Los mensajes que se le dejaron al personal de Sarkozy no fueron devueltos de inmediato.

La investigación se concentra en las finanzas de la mujer más rica de Francia, la heredera de L'Oreal, Lilliane Bettencourt.

Un añejo pleito familiar en torno a su fortuna se expandió en 2010 hasta convertirse en un asunto político y una investigación a diversos niveles. Surgieron alegatos de que Bettencourt proporcionó fondos ilegales al partido de Sarkozy durante la campaña de 2007, acusaciones que el ex presidente niega enfáticamente.

Los críticos de Sarkozy recibieron los alegatos con beneplácito, frustrados por la manera en que él manejó una economía golpeada por la recesión y por considerar que consintió demasiado a los ricos.

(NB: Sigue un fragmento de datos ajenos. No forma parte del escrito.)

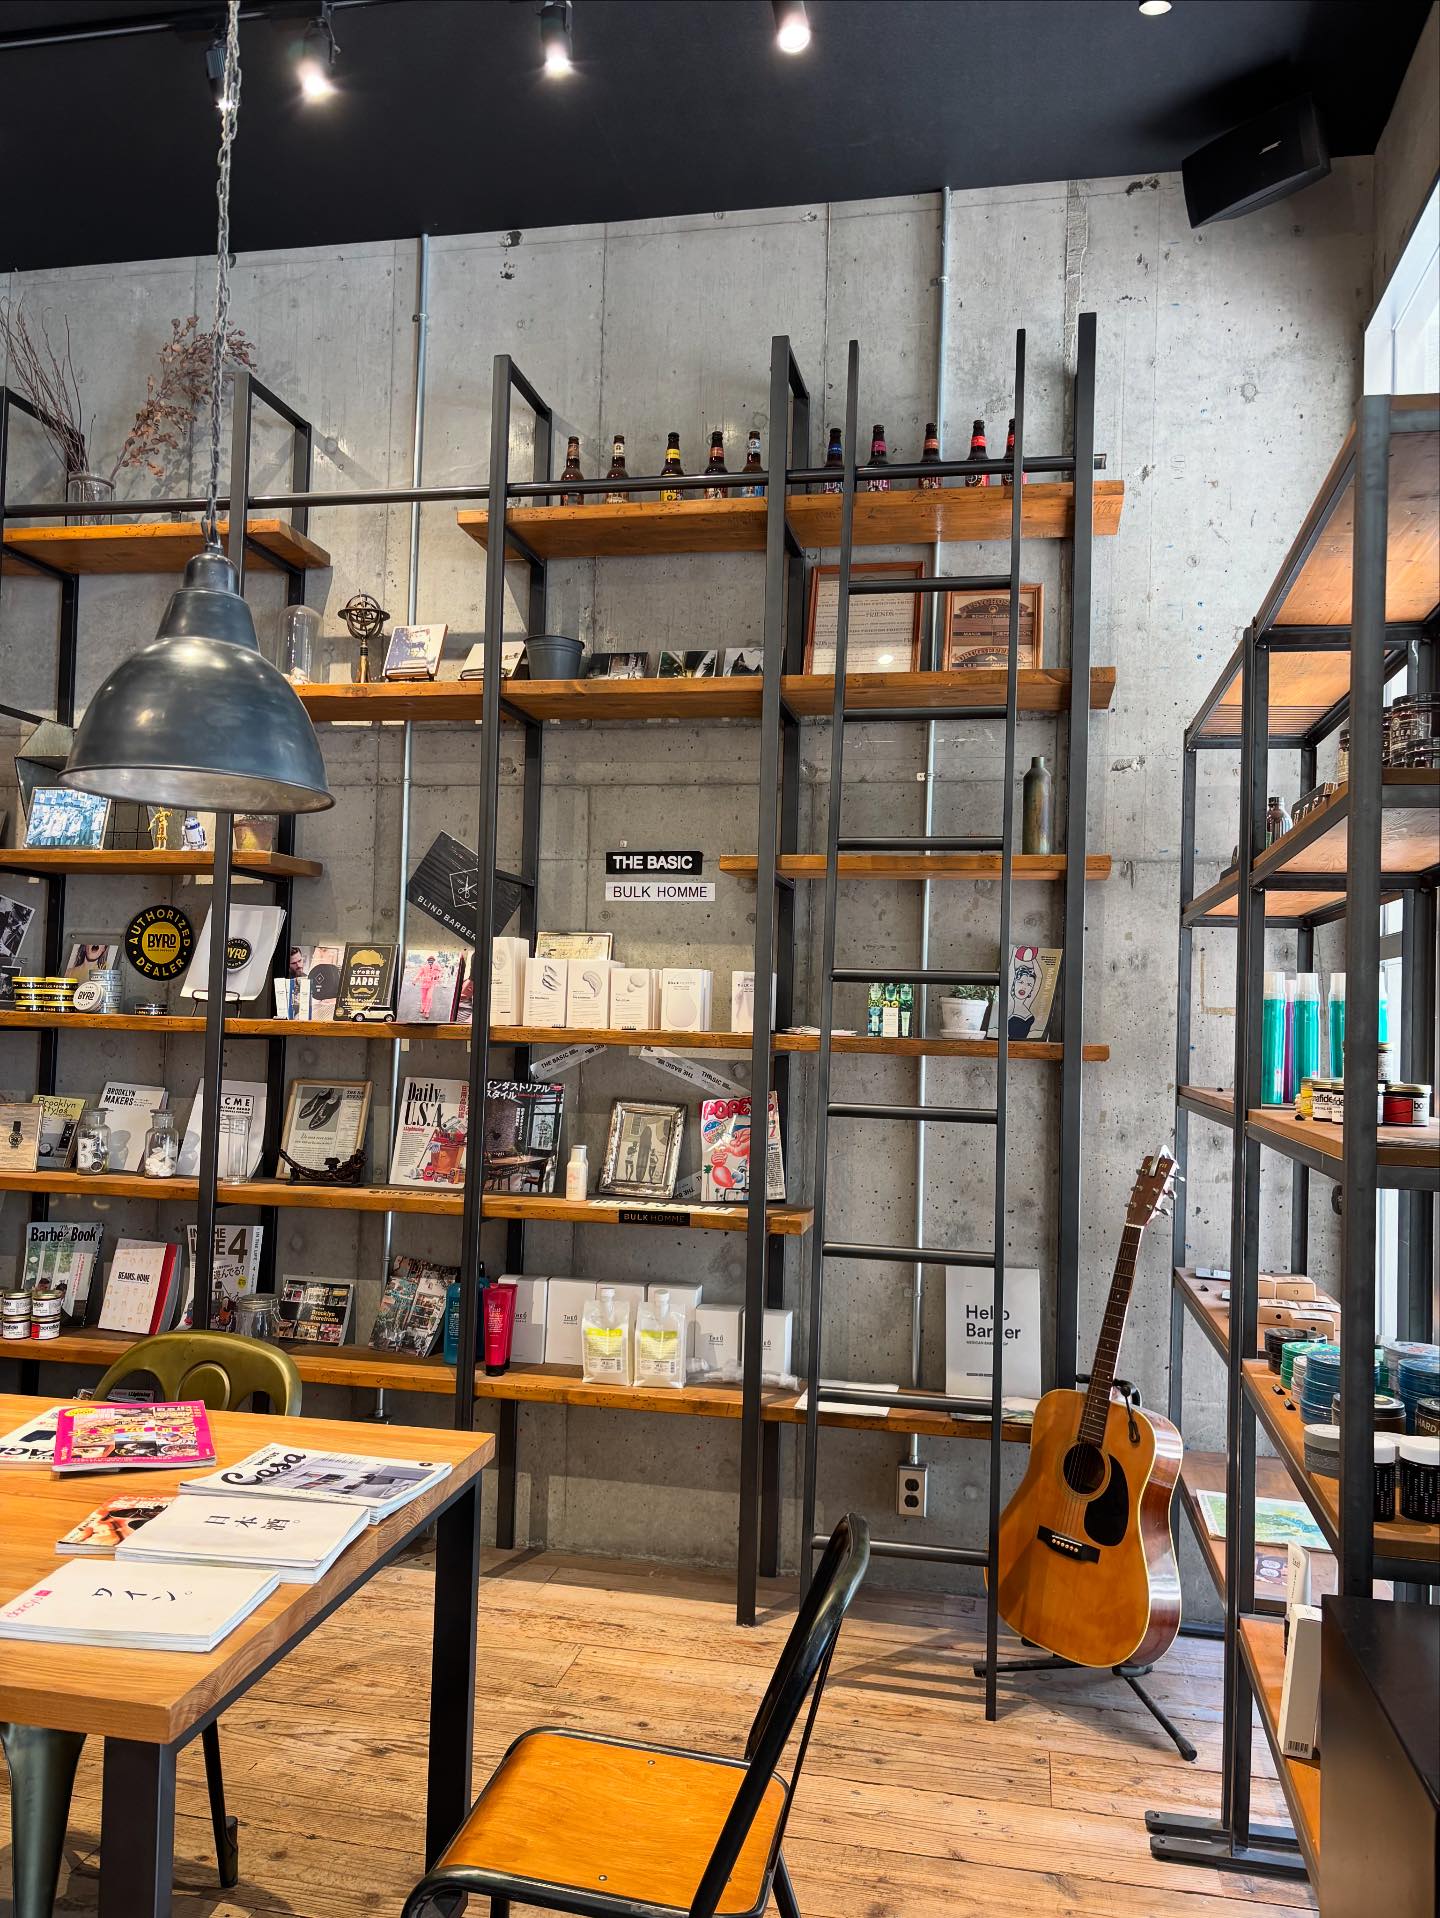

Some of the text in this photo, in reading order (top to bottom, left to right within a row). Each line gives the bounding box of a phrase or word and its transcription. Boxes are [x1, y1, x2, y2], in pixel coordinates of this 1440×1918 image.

Una contadora de Bettencourt dijo en 2010 que entregó 50.000 euros en efectivo en 2007 al tesorero del partido de Sarkozy para que los destinara a la campaña presidencial, bastante por encima del tope legal de 4.600 euros a los donativos individuales.

Un libro publicado el año pasado insinúa que el mismo Sarkozy recibió dinero de campaña no declarado, cargo que él rechaza.

El caso también azuzó el debate sobre la libertad de prensa. El periódico Le Monde interpuso una demanda en la que acusó a la oficina de Sarkozy de emplear servicios de contrainteligencia para identificar una fuente que filtraba información sobre la pesquisa.

La oficina del ex presidente dijo que nunca había dado ese tipo de instrucciones a una agencia de inteligencia.